→ WHAT IS EXPECTED
Where an entry holds an image, skip the image but reproduce the rest word for word.

*** RECORDED DATA ***

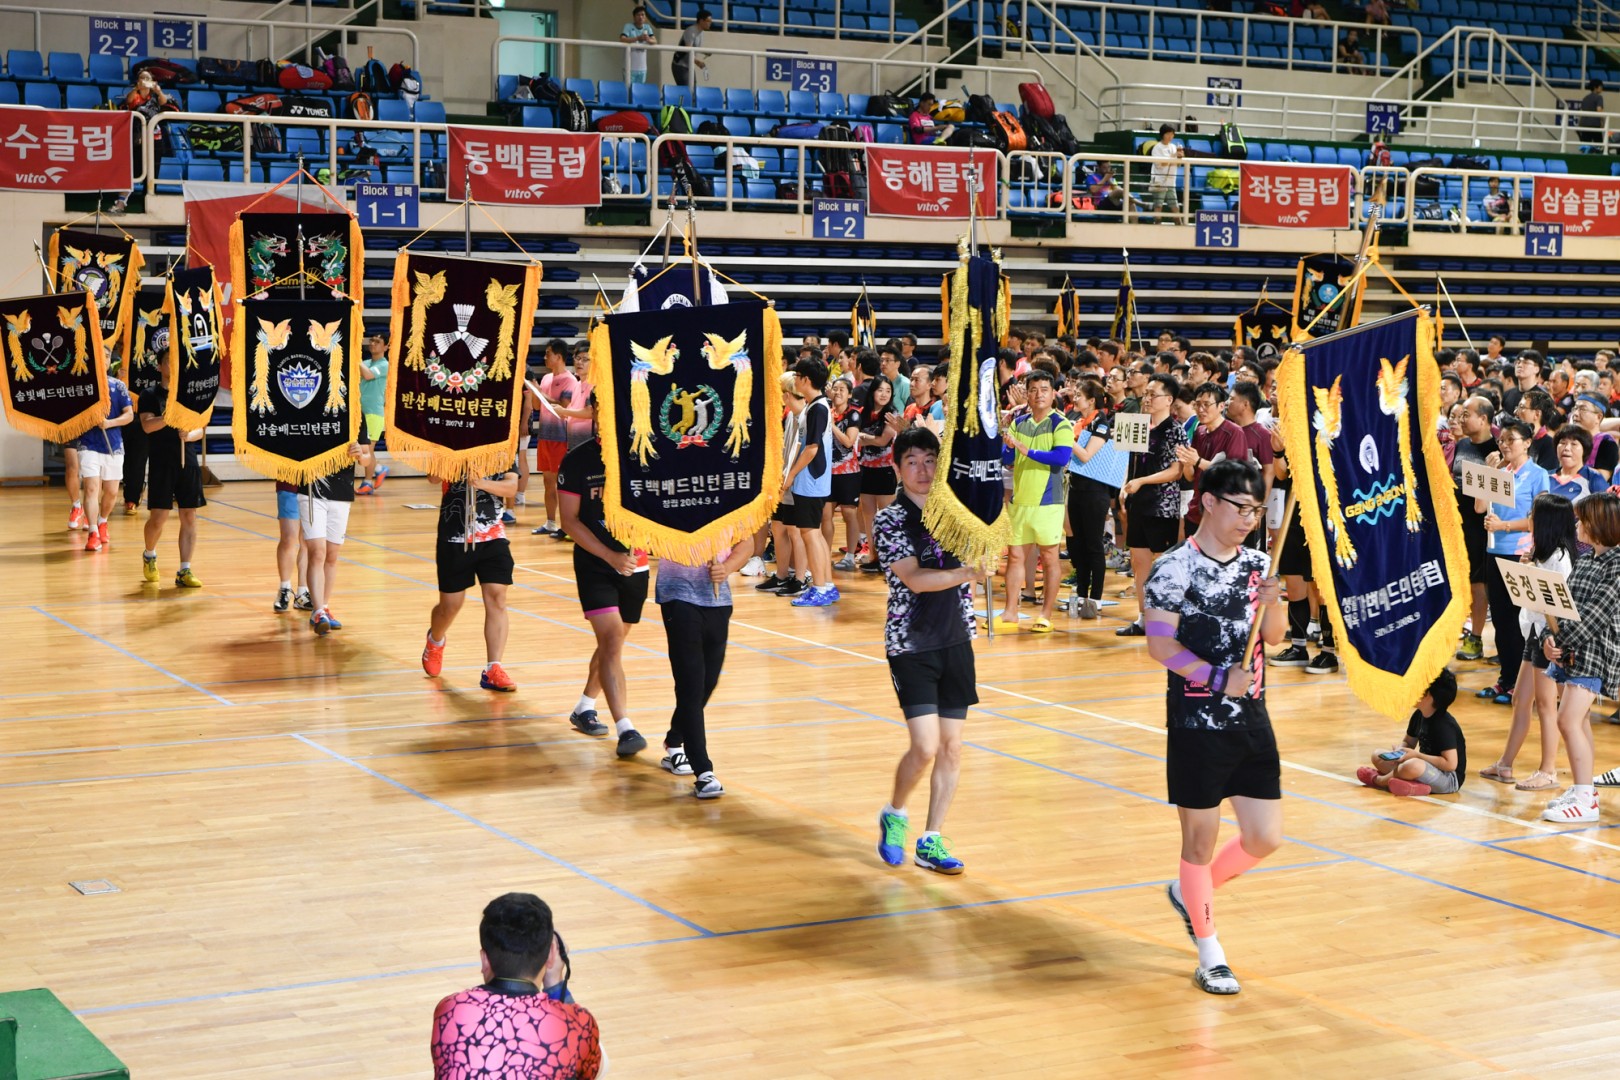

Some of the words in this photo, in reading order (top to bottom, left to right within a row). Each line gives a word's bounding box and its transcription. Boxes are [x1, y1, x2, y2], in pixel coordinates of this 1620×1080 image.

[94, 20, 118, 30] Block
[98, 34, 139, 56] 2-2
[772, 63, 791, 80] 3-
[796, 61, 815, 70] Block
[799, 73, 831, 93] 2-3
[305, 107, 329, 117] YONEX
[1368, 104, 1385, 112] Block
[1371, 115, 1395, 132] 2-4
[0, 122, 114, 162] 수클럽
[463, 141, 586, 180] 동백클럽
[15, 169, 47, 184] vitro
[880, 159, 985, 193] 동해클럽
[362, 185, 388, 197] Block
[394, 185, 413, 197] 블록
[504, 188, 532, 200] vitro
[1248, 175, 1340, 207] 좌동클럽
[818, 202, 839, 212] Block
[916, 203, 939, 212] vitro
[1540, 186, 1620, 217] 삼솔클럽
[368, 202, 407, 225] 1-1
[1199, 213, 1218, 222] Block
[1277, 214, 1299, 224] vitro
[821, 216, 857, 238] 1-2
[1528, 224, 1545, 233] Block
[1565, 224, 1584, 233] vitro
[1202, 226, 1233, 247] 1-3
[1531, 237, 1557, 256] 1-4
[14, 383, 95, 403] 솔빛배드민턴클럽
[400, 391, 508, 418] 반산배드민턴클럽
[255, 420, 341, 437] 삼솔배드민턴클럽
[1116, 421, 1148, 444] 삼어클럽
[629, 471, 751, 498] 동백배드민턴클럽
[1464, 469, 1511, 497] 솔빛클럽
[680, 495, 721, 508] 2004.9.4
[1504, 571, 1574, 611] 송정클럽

*** End of RECORDED DATA ***

→ ANSWER TO THIS EXERCISE
Some of the words in this photo, in reading order (top to bottom, left to right within a row). Each line gives a word's bounding box and its transcription. Boxes are [x1, y1, x2, y2], in pixel coordinates of this 1620×1080 image.

[94, 20, 118, 30] Block
[98, 34, 139, 56] 2-2
[772, 63, 791, 80] 3-
[796, 61, 815, 70] Block
[799, 73, 831, 93] 2-3
[305, 107, 329, 117] YONEX
[1368, 104, 1385, 112] Block
[1371, 115, 1395, 132] 2-4
[0, 122, 114, 162] 수클럽
[463, 141, 586, 180] 동백클럽
[15, 169, 47, 184] vitro
[880, 159, 985, 193] 동해클럽
[362, 185, 388, 197] Block
[394, 185, 413, 197] 블록
[504, 188, 532, 200] vitro
[1248, 175, 1340, 207] 좌동클럽
[818, 202, 839, 212] Block
[916, 203, 939, 212] vitro
[1540, 186, 1620, 217] 삼솔클럽
[368, 202, 407, 225] 1-1
[1199, 213, 1218, 222] Block
[1277, 214, 1299, 224] vitro
[821, 216, 857, 238] 1-2
[1528, 224, 1545, 233] Block
[1565, 224, 1584, 233] vitro
[1202, 226, 1233, 247] 1-3
[1531, 237, 1557, 256] 1-4
[14, 383, 95, 403] 솔빛배드민턴클럽
[400, 391, 508, 418] 반산배드민턴클럽
[255, 420, 341, 437] 삼솔배드민턴클럽
[1116, 421, 1148, 444] 삼어클럽
[629, 471, 751, 498] 동백배드민턴클럽
[1464, 469, 1511, 497] 솔빛클럽
[680, 495, 721, 508] 2004.9.4
[1504, 571, 1574, 611] 송정클럽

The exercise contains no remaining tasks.